• **WHAT YOU HAVE TO DO**:
Extract all of the entries and set them down verbatim.

[Referring expression grounding data]
++++++++++
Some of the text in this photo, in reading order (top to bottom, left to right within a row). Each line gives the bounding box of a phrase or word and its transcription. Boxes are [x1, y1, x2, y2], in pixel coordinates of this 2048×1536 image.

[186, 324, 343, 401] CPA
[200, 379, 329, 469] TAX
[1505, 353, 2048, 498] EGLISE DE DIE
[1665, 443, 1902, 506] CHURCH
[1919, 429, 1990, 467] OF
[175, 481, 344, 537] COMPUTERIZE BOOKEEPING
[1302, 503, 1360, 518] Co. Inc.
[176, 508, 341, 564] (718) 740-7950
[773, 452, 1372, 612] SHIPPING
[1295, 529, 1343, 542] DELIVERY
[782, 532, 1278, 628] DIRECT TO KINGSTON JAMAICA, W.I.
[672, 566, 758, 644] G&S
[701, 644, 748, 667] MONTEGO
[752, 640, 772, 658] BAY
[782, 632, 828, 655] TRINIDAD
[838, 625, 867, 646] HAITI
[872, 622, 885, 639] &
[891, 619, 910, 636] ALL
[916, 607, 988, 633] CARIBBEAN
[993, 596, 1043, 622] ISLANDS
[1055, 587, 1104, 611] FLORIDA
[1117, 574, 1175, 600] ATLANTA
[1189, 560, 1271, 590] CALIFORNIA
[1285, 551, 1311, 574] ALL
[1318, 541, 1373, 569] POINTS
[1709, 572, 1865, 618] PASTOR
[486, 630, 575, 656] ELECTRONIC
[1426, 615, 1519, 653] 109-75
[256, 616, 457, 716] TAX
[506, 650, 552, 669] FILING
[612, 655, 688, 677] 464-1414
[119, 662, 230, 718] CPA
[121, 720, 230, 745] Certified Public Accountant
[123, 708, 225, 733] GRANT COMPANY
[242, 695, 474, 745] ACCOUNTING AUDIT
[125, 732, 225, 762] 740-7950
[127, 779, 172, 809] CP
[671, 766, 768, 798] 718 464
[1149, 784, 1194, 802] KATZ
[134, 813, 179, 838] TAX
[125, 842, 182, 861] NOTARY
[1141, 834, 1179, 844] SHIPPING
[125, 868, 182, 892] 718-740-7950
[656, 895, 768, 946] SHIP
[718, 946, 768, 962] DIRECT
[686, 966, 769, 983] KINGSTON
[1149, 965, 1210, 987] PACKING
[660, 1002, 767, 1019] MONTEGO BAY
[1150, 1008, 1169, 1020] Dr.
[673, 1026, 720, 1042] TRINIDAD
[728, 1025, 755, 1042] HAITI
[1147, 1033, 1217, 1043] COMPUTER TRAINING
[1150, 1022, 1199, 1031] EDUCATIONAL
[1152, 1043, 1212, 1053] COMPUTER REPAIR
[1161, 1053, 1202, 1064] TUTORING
++++++++++
• **TASK RESPONSE**:
Some of the text in this photo, in reading order (top to bottom, left to right within a row). Each line gives the bounding box of a phrase or word and its transcription. Boxes are [x1, y1, x2, y2], in pixel coordinates of this 2048×1536 image.

[186, 324, 343, 401] CPA
[200, 379, 329, 469] TAX
[1505, 353, 2048, 498] EGLISE DE DIE
[1665, 443, 1902, 506] CHURCH
[1919, 429, 1990, 467] OF
[175, 481, 344, 537] COMPUTERIZE BOOKEEPING
[1302, 503, 1360, 518] Co. Inc.
[176, 508, 341, 564] (718) 740-7950
[773, 452, 1372, 612] SHIPPING
[1295, 529, 1343, 542] DELIVERY
[782, 532, 1278, 628] DIRECT TO KINGSTON JAMAICA, W.I.
[672, 566, 758, 644] G&S
[701, 644, 748, 667] MONTEGO
[752, 640, 772, 658] BAY
[782, 632, 828, 655] TRINIDAD
[838, 625, 867, 646] HAITI
[872, 622, 885, 639] &
[891, 619, 910, 636] ALL
[916, 607, 988, 633] CARIBBEAN
[993, 596, 1043, 622] ISLANDS
[1055, 587, 1104, 611] FLORIDA
[1117, 574, 1175, 600] ATLANTA
[1189, 560, 1271, 590] CALIFORNIA
[1285, 551, 1311, 574] ALL
[1318, 541, 1373, 569] POINTS
[1709, 572, 1865, 618] PASTOR
[486, 630, 575, 656] ELECTRONIC
[1426, 615, 1519, 653] 109-75
[256, 616, 457, 716] TAX
[506, 650, 552, 669] FILING
[612, 655, 688, 677] 464-1414
[119, 662, 230, 718] CPA
[121, 720, 230, 745] Certified Public Accountant
[123, 708, 225, 733] GRANT COMPANY
[242, 695, 474, 745] ACCOUNTING AUDIT
[125, 732, 225, 762] 740-7950
[127, 779, 172, 809] CP
[671, 766, 768, 798] 718 464
[1149, 784, 1194, 802] KATZ
[134, 813, 179, 838] TAX
[125, 842, 182, 861] NOTARY
[1141, 834, 1179, 844] SHIPPING
[125, 868, 182, 892] 718-740-7950
[656, 895, 768, 946] SHIP
[718, 946, 768, 962] DIRECT
[686, 966, 769, 983] KINGSTON
[1149, 965, 1210, 987] PACKING
[660, 1002, 767, 1019] MONTEGO BAY
[1150, 1008, 1169, 1020] Dr.
[673, 1026, 720, 1042] TRINIDAD
[728, 1025, 755, 1042] HAITI
[1147, 1033, 1217, 1043] COMPUTER TRAINING
[1150, 1022, 1199, 1031] EDUCATIONAL
[1152, 1043, 1212, 1053] COMPUTER REPAIR
[1161, 1053, 1202, 1064] TUTORING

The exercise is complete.